+++ DATA FOR THIS EXERCISE

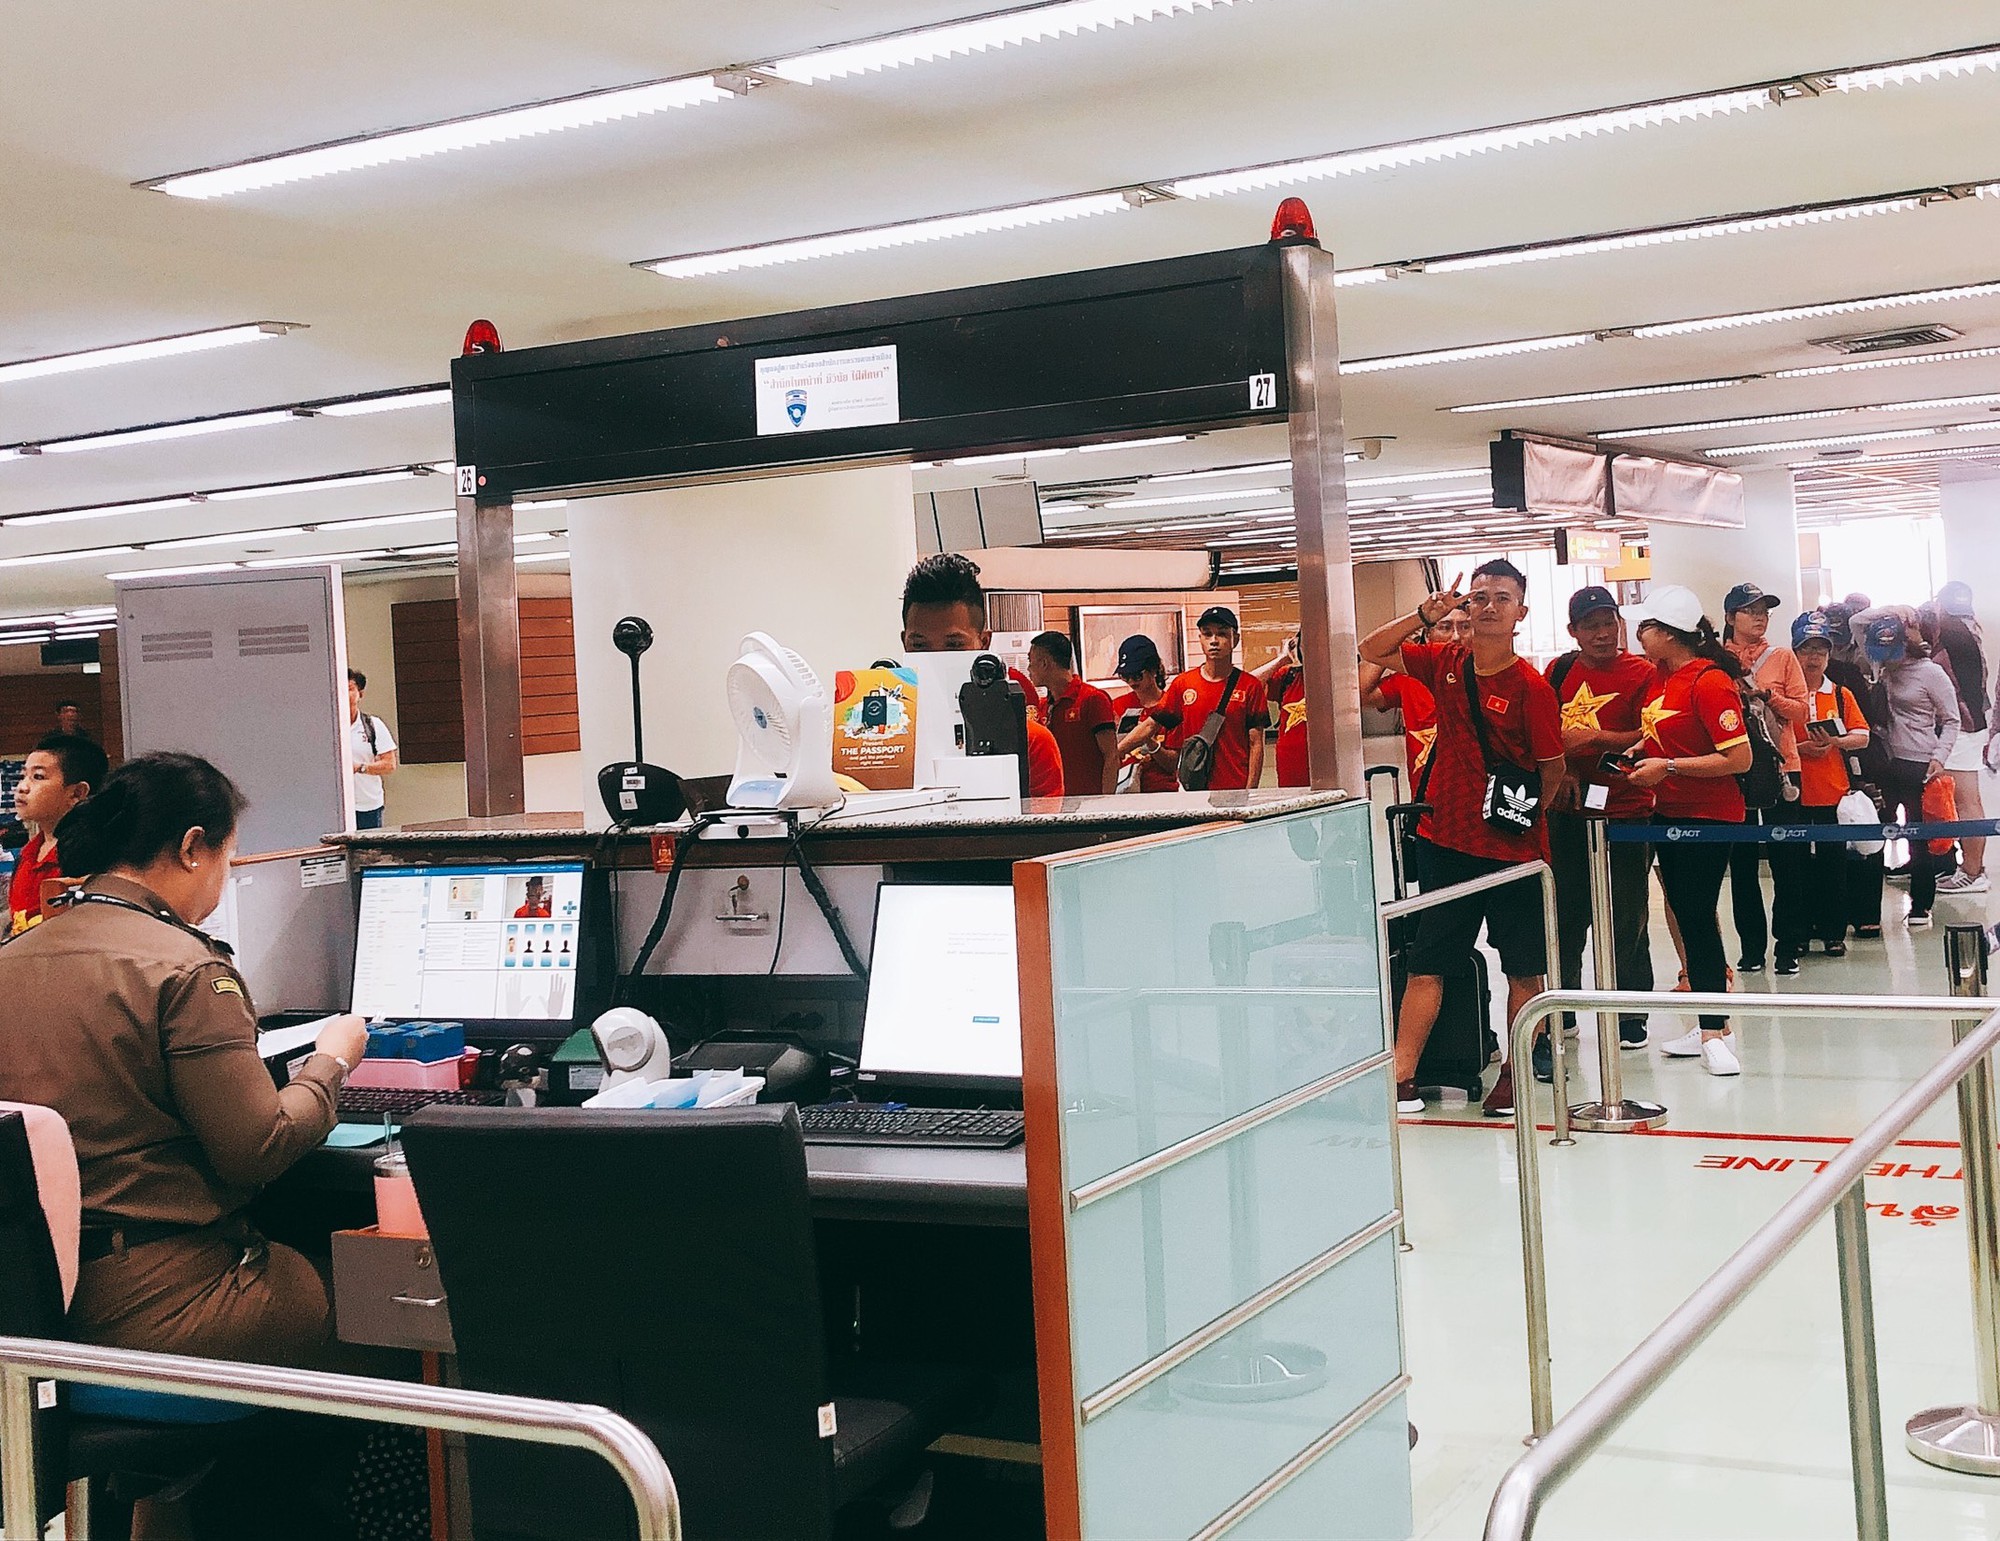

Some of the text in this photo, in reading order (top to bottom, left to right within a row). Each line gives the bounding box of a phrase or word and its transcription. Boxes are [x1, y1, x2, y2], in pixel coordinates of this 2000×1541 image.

[1256, 377, 1271, 407] 27
[461, 468, 472, 493] 26
[840, 745, 906, 756] THE PASSPORT
[1497, 807, 1532, 827] adidas
[1693, 1155, 1831, 1174] LINE

++++++

▶ [PROBLEM TO WORK ON]: Set down the records precisely as they appear. Any picture stays out.

▶ [SOLUTION TO THIS PROBLEM]:
Some of the text in this photo, in reading order (top to bottom, left to right within a row). Each line gives the bounding box of a phrase or word and its transcription. Boxes are [x1, y1, x2, y2], in pixel coordinates of this 2000×1541 image.

[1256, 377, 1271, 407] 27
[461, 468, 472, 493] 26
[840, 745, 906, 756] THE PASSPORT
[1497, 807, 1532, 827] adidas
[1693, 1155, 1831, 1174] LINE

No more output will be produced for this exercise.